Das zeigt noch einmal das BGH, Urt. v.25.04.2012 – 5 StR 17/12:

Das Tatgericht hat dem Angeklagten anders als den beiden Mitangeklagten, die ihre Taten während laufender Bewährung begangen haben, ungeachtet seiner Vorstrafen eine günstige Kriminalprognose zugebilligt. Diese Entscheidung, die auf den derzeitigen Lebensumständen des Angeklagten und maßgeblich auf dem von ihm in der Hauptverhandlung gewonnenen persönlichen Eindruck beruht, hat das Revisionsgericht bis zur Grenze des Vertretbaren hinzunehmen (vgl. BGH, Urteile vom 14. Mai 2002 – 1 StR 48/02, insoweit in StV 2003, 81 nicht abgedruckt; 10. Juni 2010 – 4 StR 474/09, Rn. 34; 22. Juli 2010 – 5 StR 204/10, NStZ-RR 2010, 306, 307; 10. November 2010 – 5 StR 424/10). Diese Grenze ist gewahrt.
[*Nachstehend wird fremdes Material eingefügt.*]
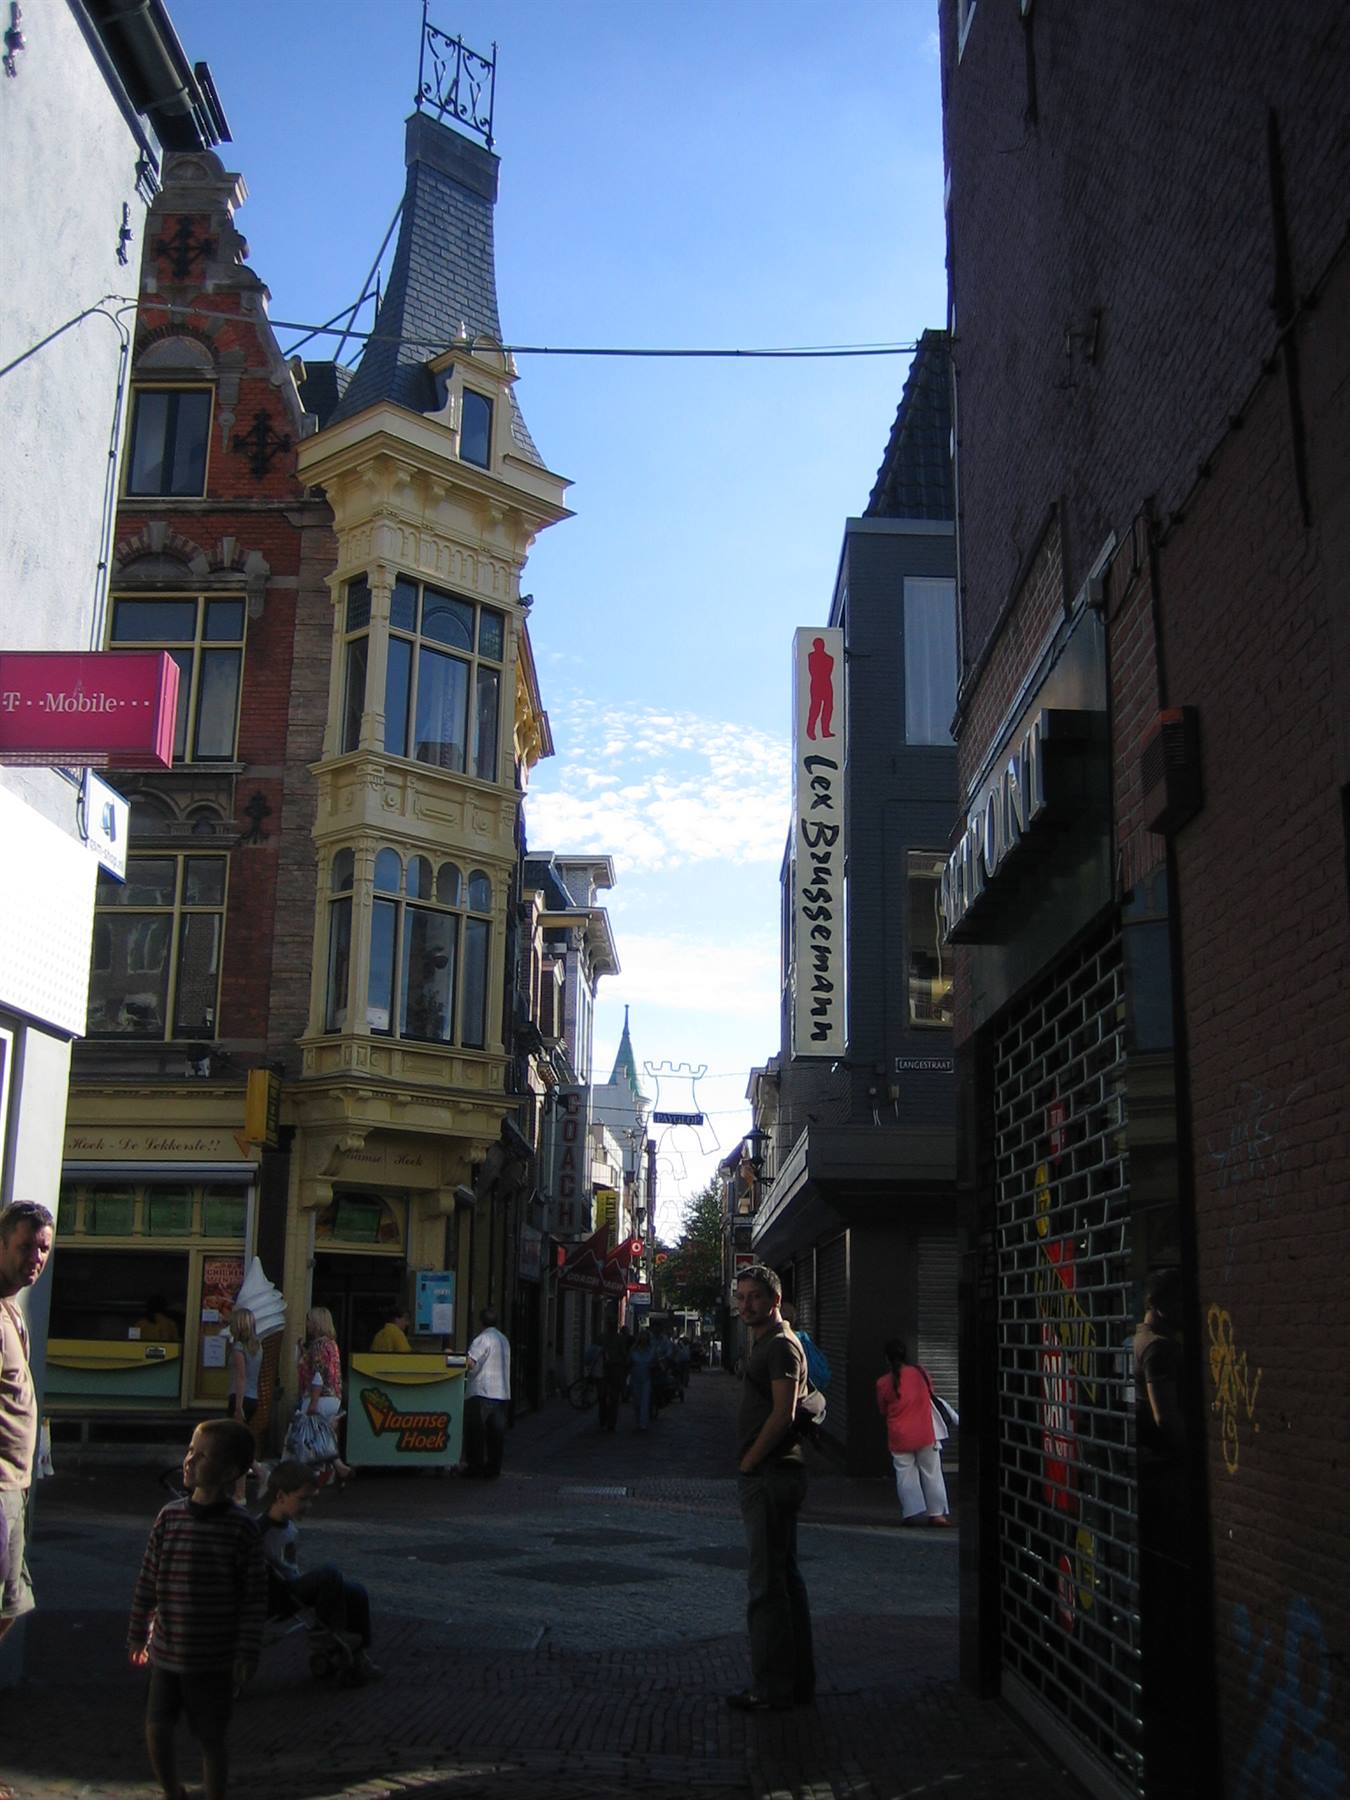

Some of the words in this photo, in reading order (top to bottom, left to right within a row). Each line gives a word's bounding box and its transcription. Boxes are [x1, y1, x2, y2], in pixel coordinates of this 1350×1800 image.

[803, 754, 839, 811] Lex
[899, 1060, 951, 1070] LANGESTRAAT
[560, 1093, 580, 1226] COACH
[1043, 1354, 1074, 1433] SALE
[400, 1431, 446, 1449] Hoek
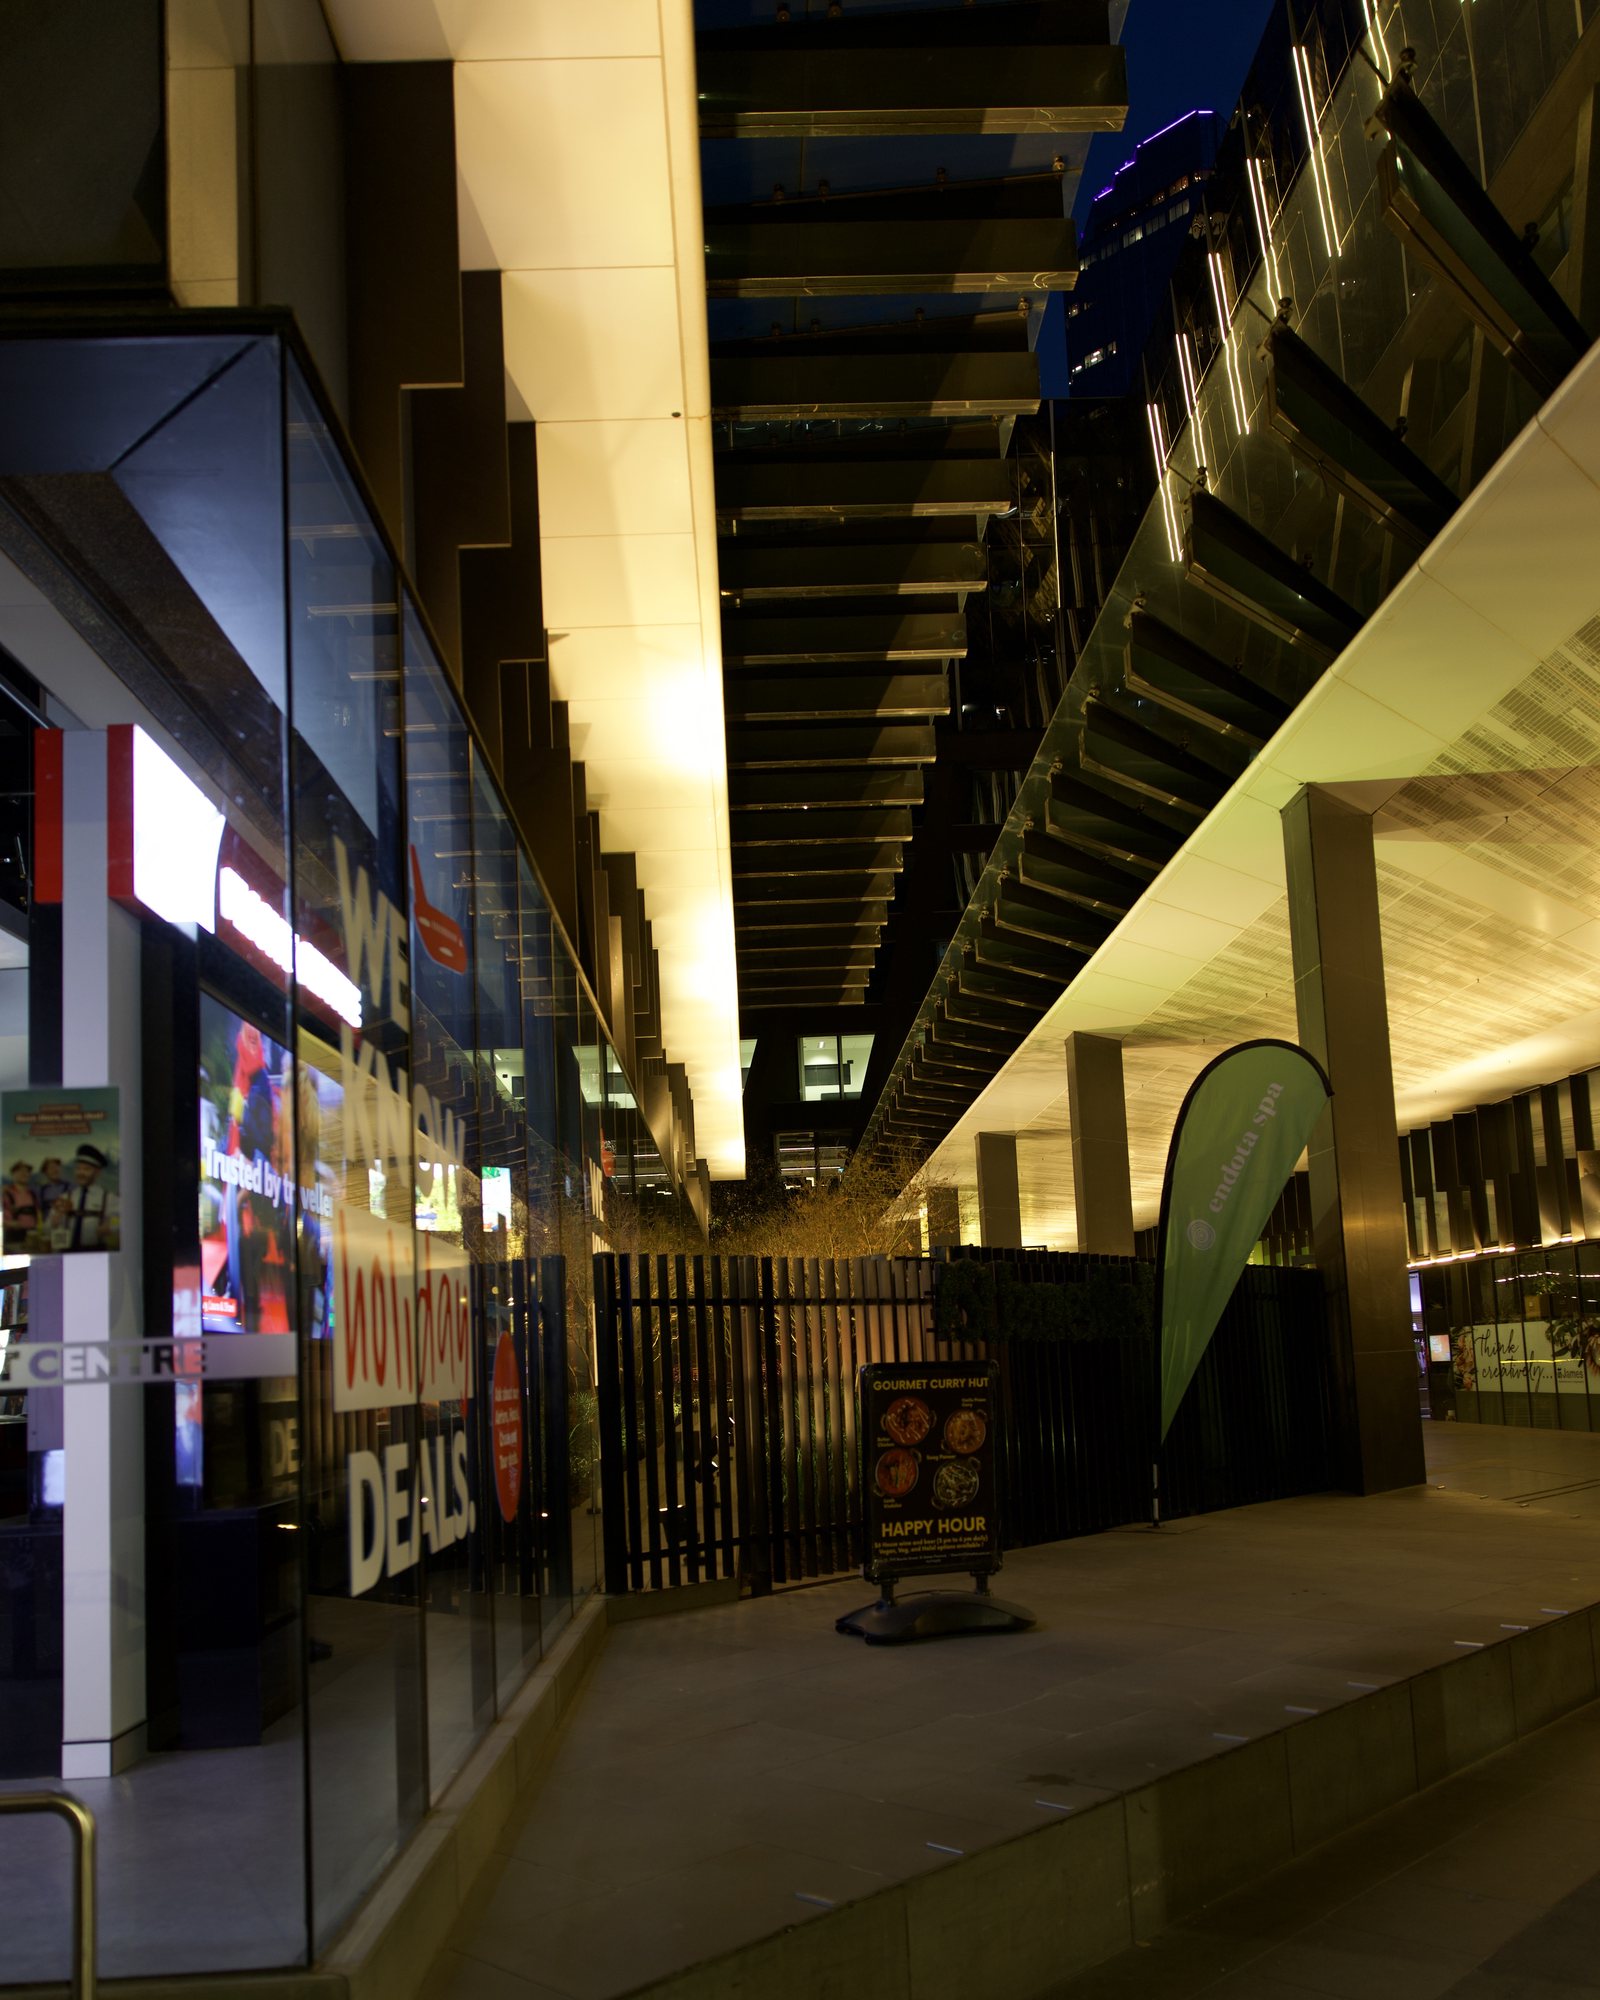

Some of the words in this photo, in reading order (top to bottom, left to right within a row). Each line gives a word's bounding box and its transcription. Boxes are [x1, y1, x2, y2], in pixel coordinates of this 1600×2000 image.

[334, 834, 409, 1032] WE
[340, 1021, 466, 1210] KNOW
[1208, 1130, 1260, 1213] endota
[1252, 1081, 1284, 1127] spa
[203, 1136, 262, 1194] Trusted
[264, 1161, 282, 1208] by
[28, 1341, 207, 1382] CENTRE
[339, 1208, 471, 1418] holiday
[1474, 1328, 1520, 1358] Think
[873, 1379, 928, 1391] GOURMET
[930, 1378, 966, 1390] CURRY
[967, 1377, 990, 1388] HUT
[348, 1428, 477, 1598] DEALS.
[881, 1519, 934, 1538] HAPPY
[938, 1516, 986, 1534] HOUR
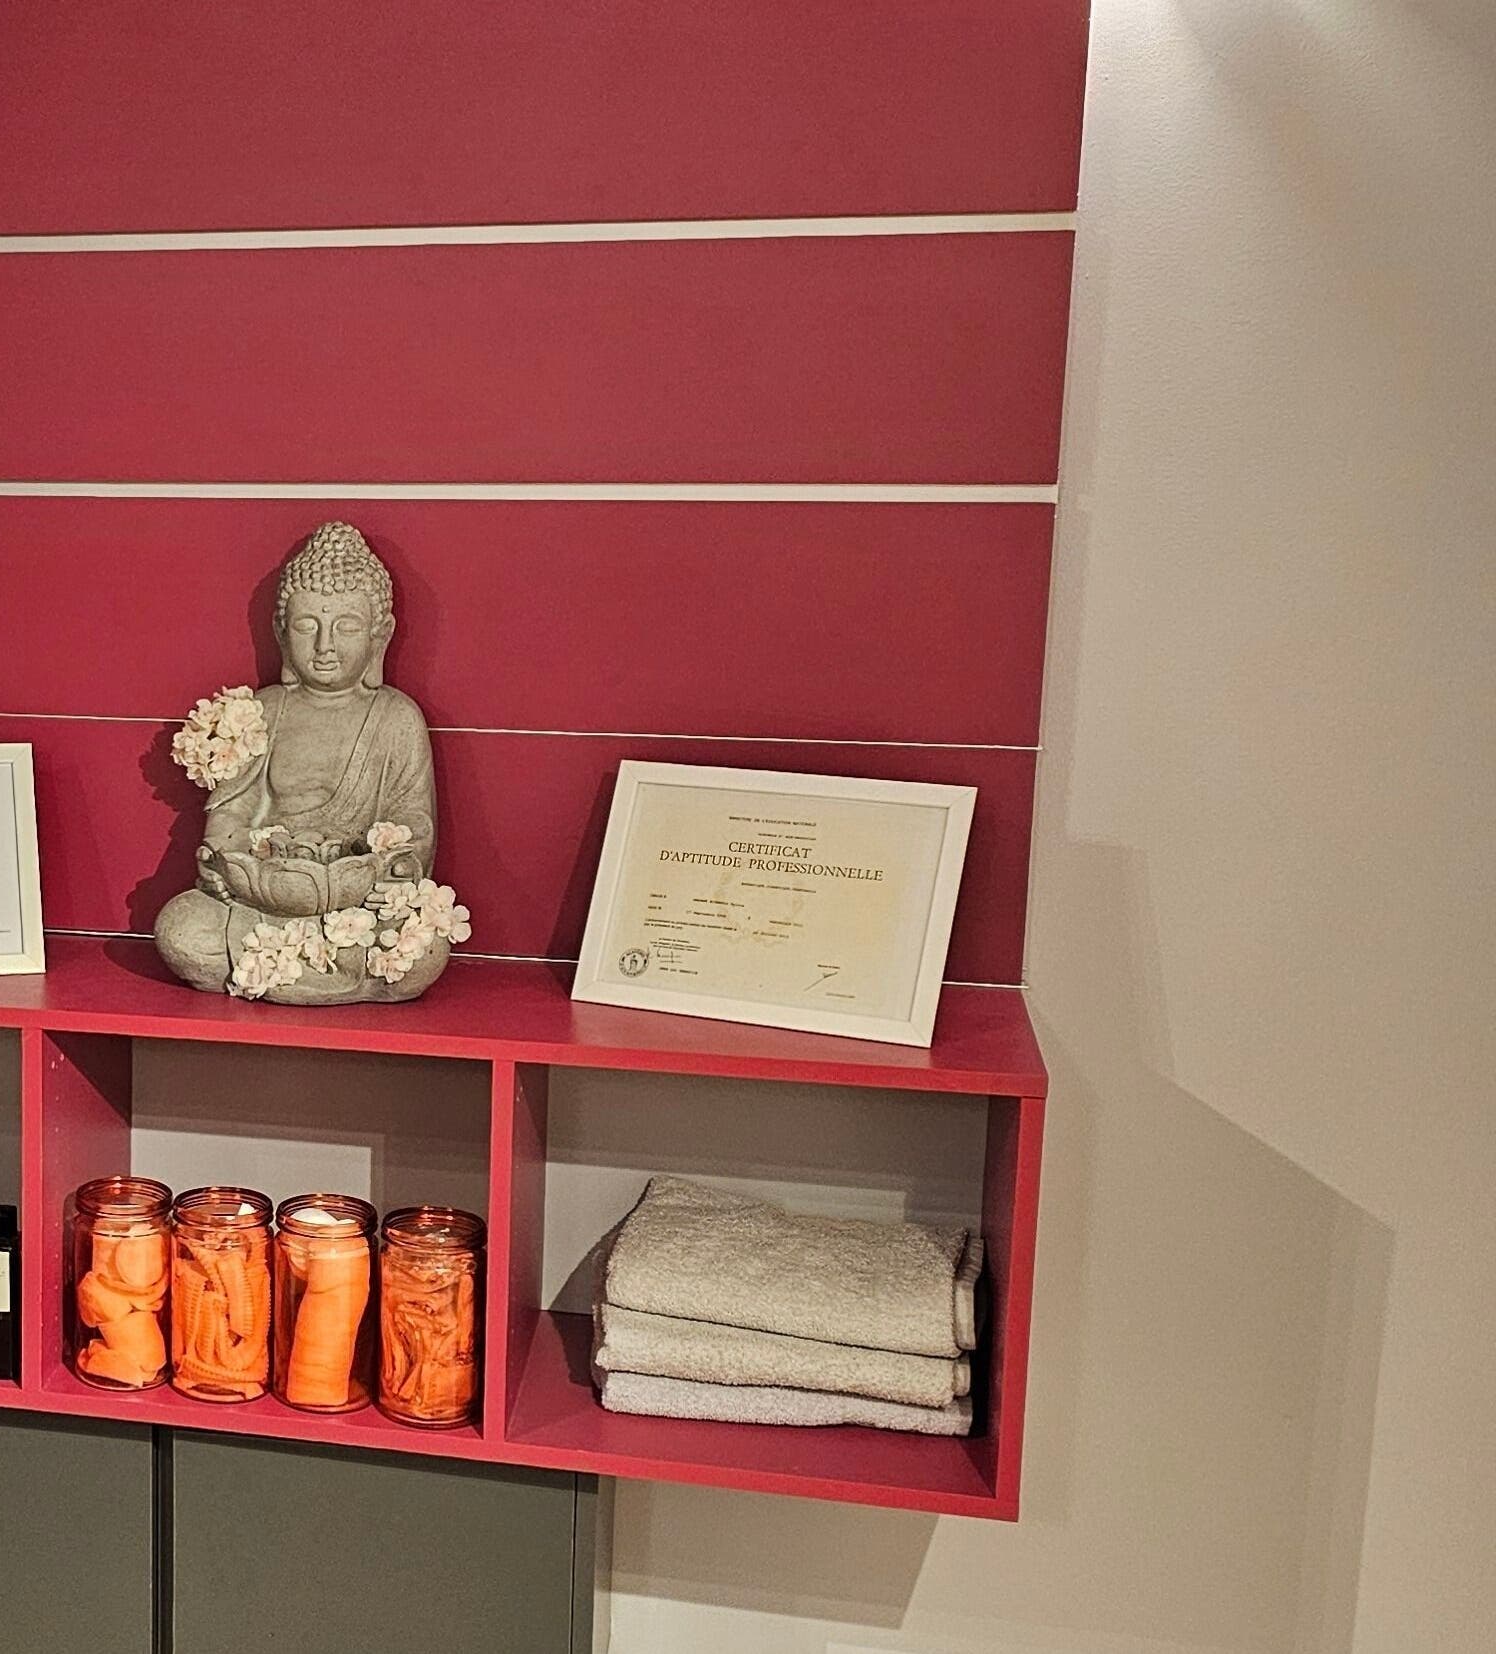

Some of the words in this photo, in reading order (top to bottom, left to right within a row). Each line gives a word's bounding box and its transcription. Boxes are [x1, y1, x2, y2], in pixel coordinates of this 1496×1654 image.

[728, 841, 813, 859] CERTIFICAT
[659, 849, 742, 869] D'APTITUDE
[748, 858, 884, 882] PROFESSIONNELLE
Wesentliche Lücken oder Widersprüche im Zusammenhang mit der Strafaussetzungsfrage lässt das angefochtene Urteil nicht erkennen.

An den persönlichen Eindruck kommt das Revisionsgericht natürlich nicht ran – wenn er ausreichend belegt ist.

Ach so: Warum ein Urteil des BGH? Es handelte sich um eine zu Lasten eingelegte Revision der StA.